• _Your goal_
Below is a set of entries. Reproduce exactly the lines from the one containing "this 2212×1659 image." through the end, both included.

• _Exercise materials_
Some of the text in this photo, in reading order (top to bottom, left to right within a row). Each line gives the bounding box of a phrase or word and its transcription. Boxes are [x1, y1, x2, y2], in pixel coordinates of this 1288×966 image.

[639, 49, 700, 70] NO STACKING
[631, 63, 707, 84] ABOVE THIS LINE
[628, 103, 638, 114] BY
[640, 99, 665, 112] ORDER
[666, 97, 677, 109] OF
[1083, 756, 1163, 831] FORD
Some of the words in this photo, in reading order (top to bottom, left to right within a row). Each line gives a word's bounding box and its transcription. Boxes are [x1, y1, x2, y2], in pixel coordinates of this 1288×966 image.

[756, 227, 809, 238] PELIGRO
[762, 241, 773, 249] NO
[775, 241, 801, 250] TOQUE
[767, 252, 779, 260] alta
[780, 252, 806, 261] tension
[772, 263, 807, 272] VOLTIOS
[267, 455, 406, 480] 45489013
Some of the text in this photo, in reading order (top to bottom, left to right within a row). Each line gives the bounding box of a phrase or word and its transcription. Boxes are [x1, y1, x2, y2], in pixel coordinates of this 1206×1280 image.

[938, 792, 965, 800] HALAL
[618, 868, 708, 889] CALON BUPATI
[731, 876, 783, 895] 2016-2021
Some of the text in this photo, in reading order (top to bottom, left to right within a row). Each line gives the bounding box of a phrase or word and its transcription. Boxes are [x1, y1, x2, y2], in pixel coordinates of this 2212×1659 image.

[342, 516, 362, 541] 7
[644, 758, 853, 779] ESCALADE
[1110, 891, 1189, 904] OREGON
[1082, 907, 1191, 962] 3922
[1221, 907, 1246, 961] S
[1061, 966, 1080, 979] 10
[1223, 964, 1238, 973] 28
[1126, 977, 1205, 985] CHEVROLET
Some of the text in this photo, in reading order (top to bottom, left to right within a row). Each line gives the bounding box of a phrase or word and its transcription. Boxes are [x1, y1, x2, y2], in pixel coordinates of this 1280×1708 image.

• _Solution to this exercise_
Some of the text in this photo, in reading order (top to bottom, left to right within a row). Each line gives the bounding box of a phrase or word and its transcription. Boxes are [x1, y1, x2, y2], in pixel coordinates of this 2212×1659 image.

[342, 516, 362, 541] 7
[644, 758, 853, 779] ESCALADE
[1110, 891, 1189, 904] OREGON
[1082, 907, 1191, 962] 3922
[1221, 907, 1246, 961] S
[1061, 966, 1080, 979] 10
[1223, 964, 1238, 973] 28
[1126, 977, 1205, 985] CHEVROLET
Some of the text in this photo, in reading order (top to bottom, left to right within a row). Each line gives the bounding box of a phrase or word and its transcription. Boxes are [x1, y1, x2, y2], in pixel coordinates of this 1280×1708 image.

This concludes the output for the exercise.